Individuals cannot be accorded standing “to do no more than vindicate their own value preferences through the judicial process.” Sierra Club v. Morton, supra, 405 U.S. at p. 740, 92 S.Ct. at p. 1369. To allow individuals to maintain such suits would be inconsistent with Article III in that the Court would not insure that the litigants would “have the personal stake and interest that impart the necessary concrete adverseness” to the case. Flast v. Cohen, 392 U.S. 83, 101, 88 S.Ct. 1942, 1953, 20 L.Ed.2d 947 (1968). As the Supreme Court held in one of its most recent pronouncements on standing,

“Concrete injury, whether actual or threatened, is that indispensable element of a dispute which serves in part to cast it in a form traditionally capable of judicial resolution. It adds the essential dimension of specificity to the dispute by requiring that the complaining party have suffered a particular injury caused by the action challenged as unlawful. This personal stake is what the Court has consistently held enables a complainant authoritatively to present to a court a complete perspective upon the adverse consequences flowing from the specific set of facts undergirding his grievance. Such authoritative presentations are an integral part of the judicial process, for a court must rely on the parties’ treatment of the facts and claims before it to develop its rules of law. Only concrete injury presents the factual context within which a court, aided by parties who argue within the context, is capable of making decisions.
•::* * * * * *
*657“[T]he discrete factual context within which the concrete injury occurred or is threatened insures the framing of relief no more broad than required by the precise facts to which the court’s ruling would be applied.
^ ^ >}í ^
“To permit a complainant who has no concrete injury to require a court to rule on important constitutional issues in the abstract would create the potential for abuse of the judicial process, distort the role of the Judiciary in its relationship to the Executive and the Legislature and open the Judiciary to an arguable charge of providing “government by injunction.” Schlesinger v. Reservists Committee to Stop the War, 418 U.S. 208, 220-22, 94 S.Ct. 2925, 2932-2933, 41 L.Ed.2d 706 (1974).

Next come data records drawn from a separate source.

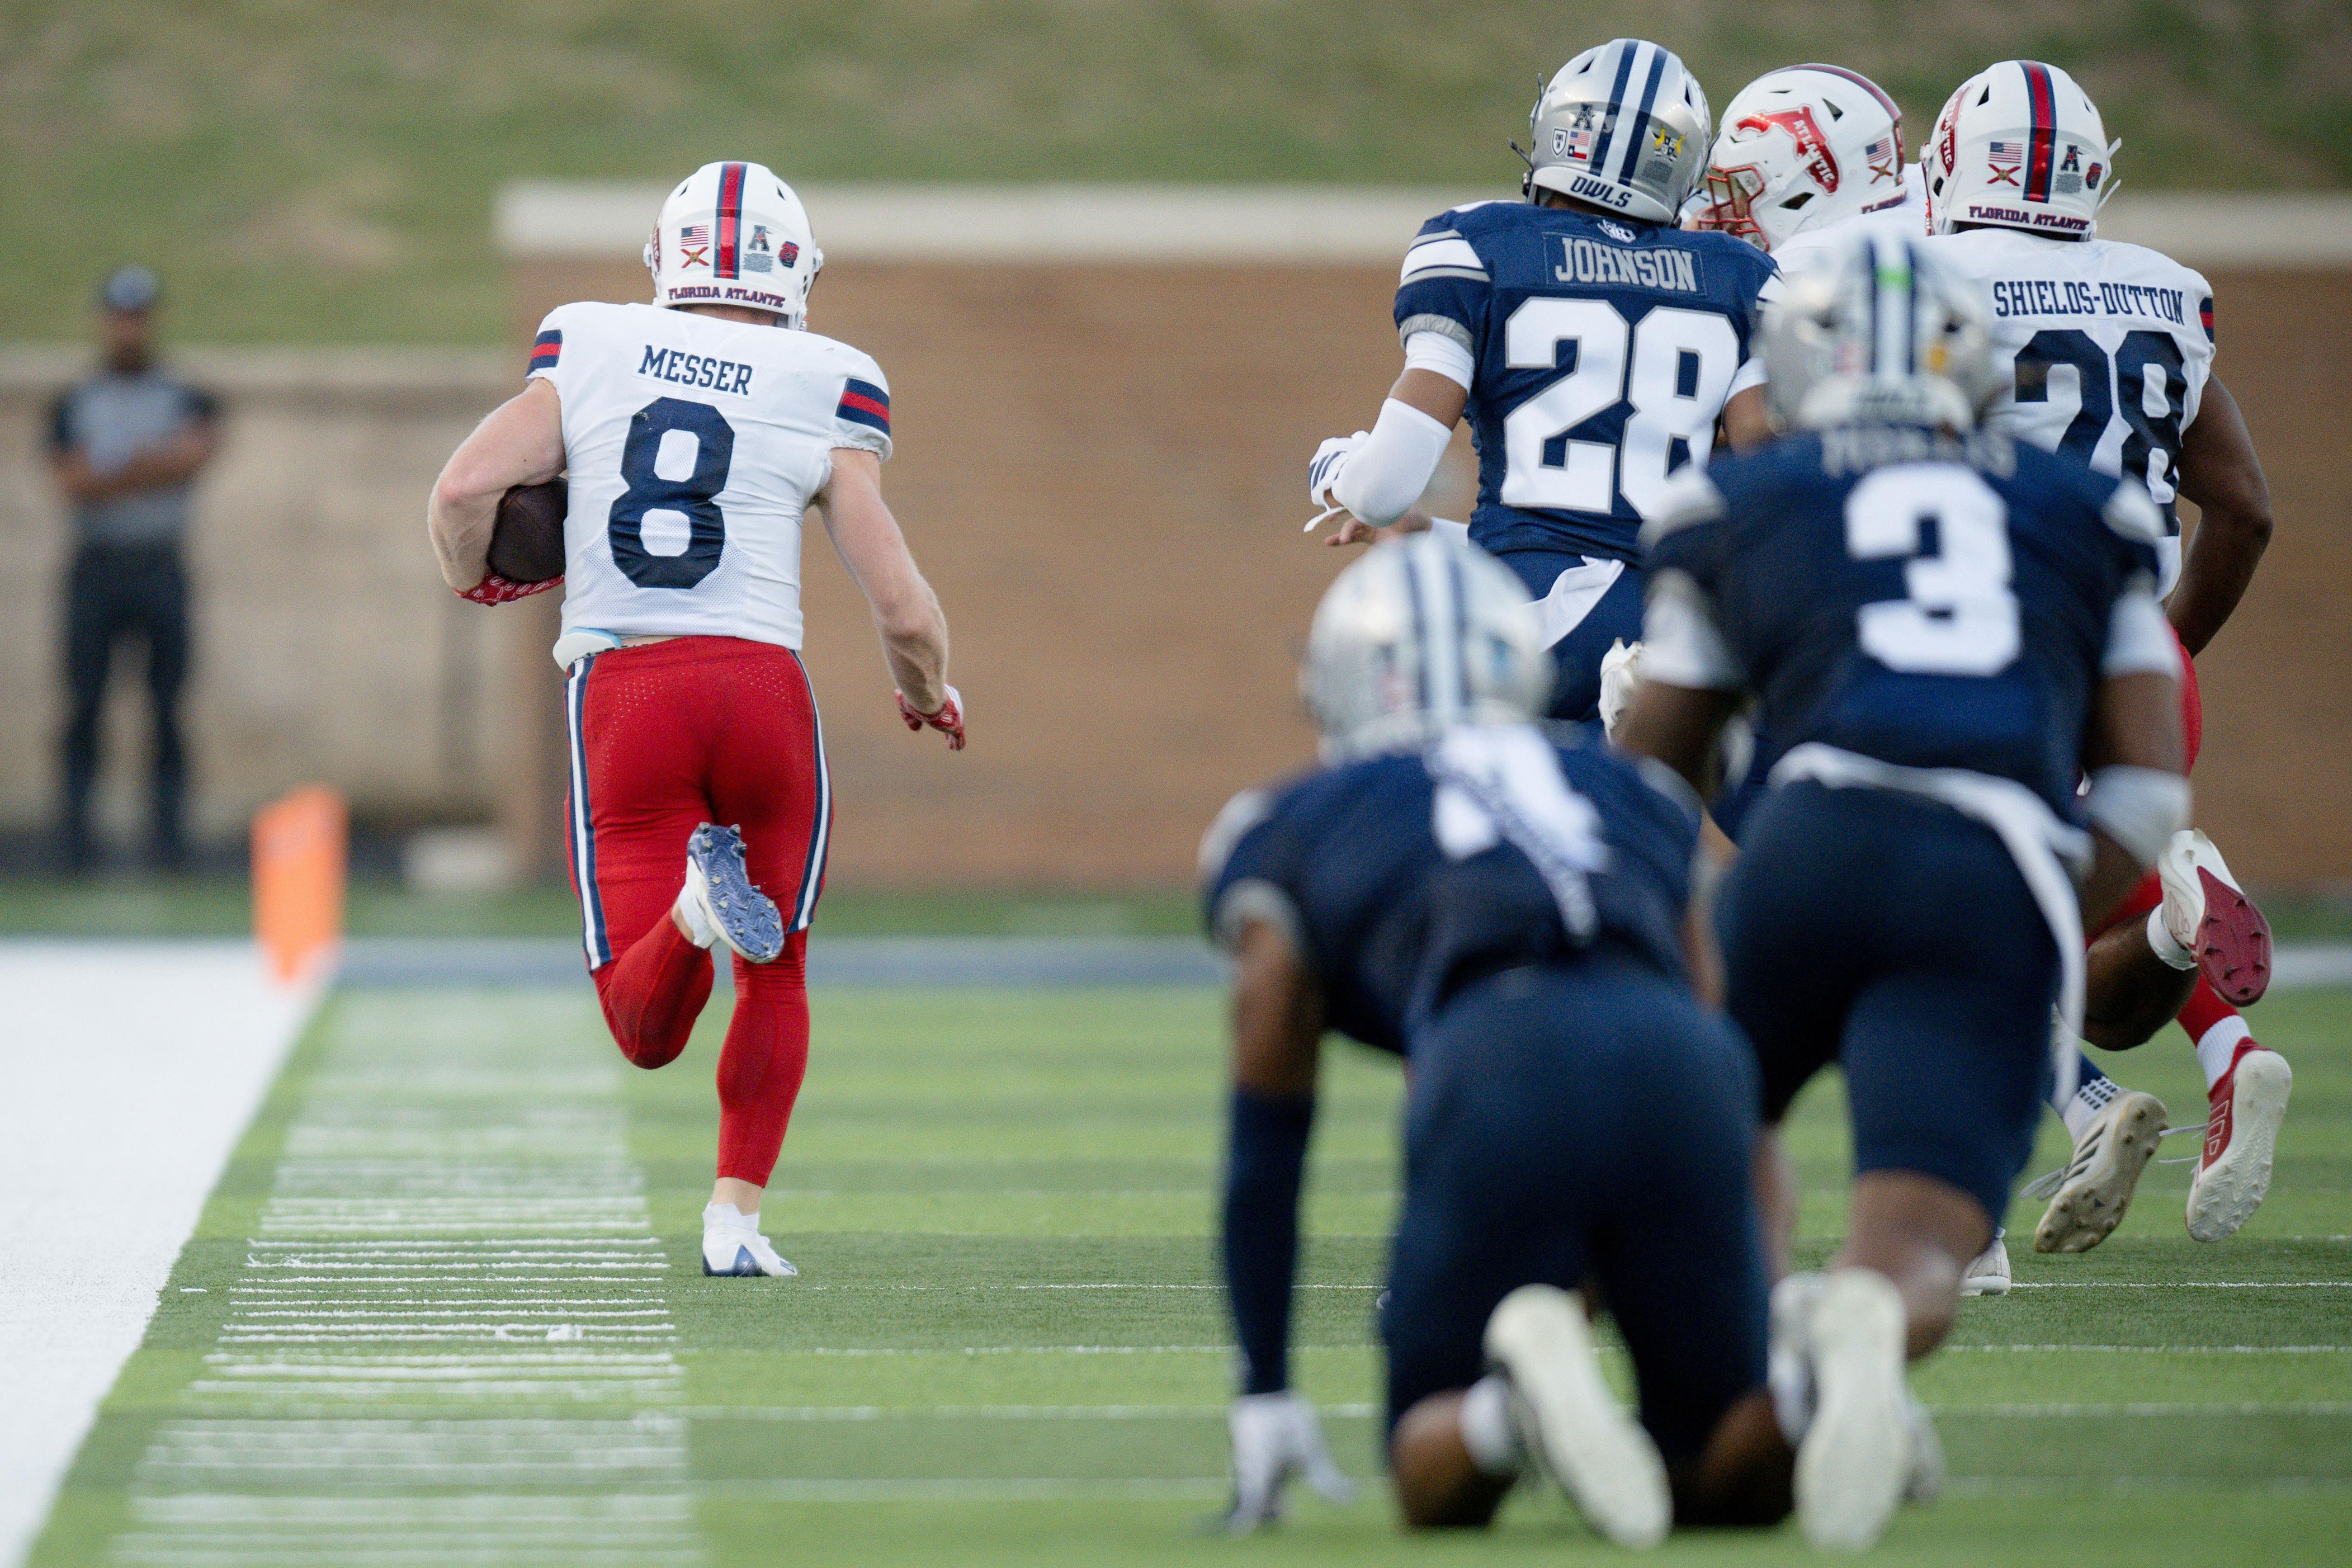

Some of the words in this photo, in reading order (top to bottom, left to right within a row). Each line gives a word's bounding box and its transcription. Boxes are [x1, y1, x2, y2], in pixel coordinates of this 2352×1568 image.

[1570, 176, 1632, 207] OWLS
[1969, 205, 2030, 224] FLORIDA
[1555, 237, 1698, 292] JOHNSON
[668, 286, 721, 300] FLORIDA
[1994, 280, 2185, 326] SHIELDS-DUTTON
[637, 344, 753, 396] MESSER
[1501, 296, 1740, 520] 28
[2014, 329, 2188, 537] 28
[607, 396, 735, 589] 8
[1844, 463, 2021, 677] 3

Plaintiffs’ alleged injuries are not the type which impart the necessary concrete adverseness to a case. They are instead entirely subjective. Were it enough that a litigant feel concern about a government action, even concern so severe as to cause “injury to his own personal mental well-being”, then the Sierra Club would certainly never have been denied standing in Sierra Club v. Morton; nor would plaintiffs have been dismissed in Warth v. Seldin, 422 U.S. 490, 95 S.Ct. 2197, 45 L.Ed.2d 343 (1975); see also United States v. Students Challenging Regulatory Agency Procedures, 412 U.S. at p. 689 n. 14, 93 S.Ct. 2405.

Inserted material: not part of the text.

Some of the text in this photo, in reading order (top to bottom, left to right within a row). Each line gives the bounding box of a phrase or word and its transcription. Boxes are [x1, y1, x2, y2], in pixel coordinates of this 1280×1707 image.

Likewise the purported loss of esteem in the eyes of professional or social associates cannot be considered by this Court as the type of concrete injury which qualifies a litigant as one meeting the case or controversy requirements of Article III. And further, the alleged' harm of loss of esteem is too much attenuated, too far removed from the government action, to constitute an “injury in fact”, see Warth v. Seldin, 422 U.S. 490, 504-07, 508-09, 95 S.Ct. 2197, 45 L.Ed.2d 343 (1975) ; S. v. D., 410 U.S. 614, 93 S.Ct. 1146, 35 L.Ed.2d 536 (1973) ; Warth v. Seldin, 495 F.2d 1187, 1191 (2d Cir. 1974). For the “injury” here is caused, if it exists, by independent reactions of associates of plaintiffs to decisions of plaintiffs’ superiors. And indeed, those reactions are hardly inevitable, especially considering plaintiffs’ opposition to those decisions and plaintiffs’ lack of control over them.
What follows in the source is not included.